Upon reading the article, I immediately resented the implication that I have been brainwashed. If anything, I had been previously brainwashed to trust in the so-called “experts” to know what was best for me. I resent the implication that I – or others like me – are brainwashed into choosing natural (drug-free, vaginal) birth.

Unfortunately, many of the commenters also referred to us “natural birthers” as a cult. You’ve got to be kidding. If anything, this belief that you’re only safe in an icky, germ-infested hospital where you’re told what to do and only “allowed” to do certain things while being “not allowed” others is the one that is cult-like. After all, if you wouldn’t accept being “allowed” or “not allowed” to do things by a significant other, why is it suddenly okay for our care providers? Why should they be exempt from respecting us and our bodies?

I do wish that Ms. Egbert would have spent some time with us “natural birthers” as well as some midwives before she drew her conclusions. I also wish that she would reach out and take the time to find out why our need/desire/wish for such takes place. In many cases – at least the ones I know personally – we choose the natural method because we feel better taken care of, safer, and we feel like human beings.

Surprises after delivery

After reading After-birth: 10 surprises from those first days after delivery by Meredith Bland who, by the way, is quite witty. I thought about it for a bit and decided I had to comment somewhere. She’s so right in that there are so many of the things that happen afterward that they don’t tell you about before.

Now, here’s the thing, I’ve experienced all the varieties of birth that, to my knowledge a woman can possibly experience. Cesarean, medicated VBAC (Vaginal Birth After Cesarean), natural hospital VBAC, water HBAC (Home Birth After Cesarean), and HBAC.

I’d like to think that my experience is not to be discounted in the grand scheme of things.
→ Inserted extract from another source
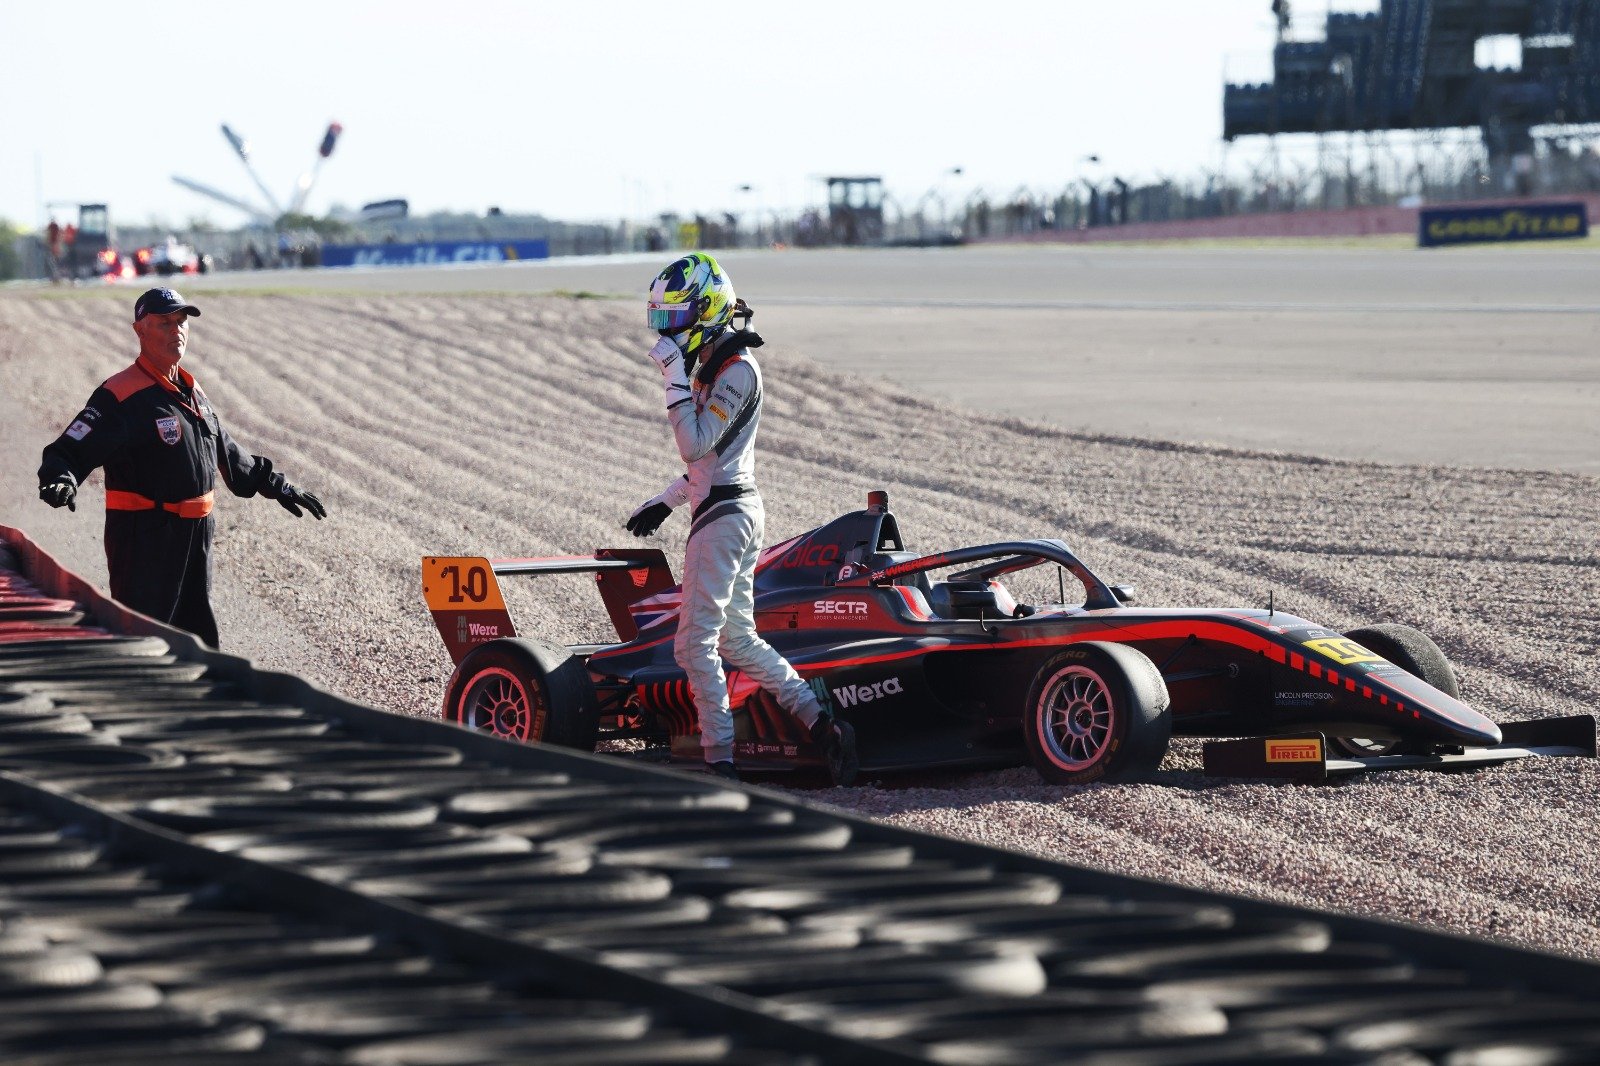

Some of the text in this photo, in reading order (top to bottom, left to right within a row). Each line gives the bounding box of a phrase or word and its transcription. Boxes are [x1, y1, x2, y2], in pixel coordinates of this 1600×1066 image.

Cesareans suck. At least, mine did. It also didn’t help that I wound up catching something nasty in the hospital – to be expected as, after all, hospitals are full of nasty germs and sickness – that took my voice away and made me miserable. Because that’s exactly how you want to feel when they’ve just handed you a baby to care for. In fact, the lovely OB chastised me the next day for not being up and moving. All I wanted to do was tell him to go to hell. But I couldn’t. I had no voice, remember?

I will tell you, however, you do not want to gaze upon your stitches those first several days. They’re not pretty.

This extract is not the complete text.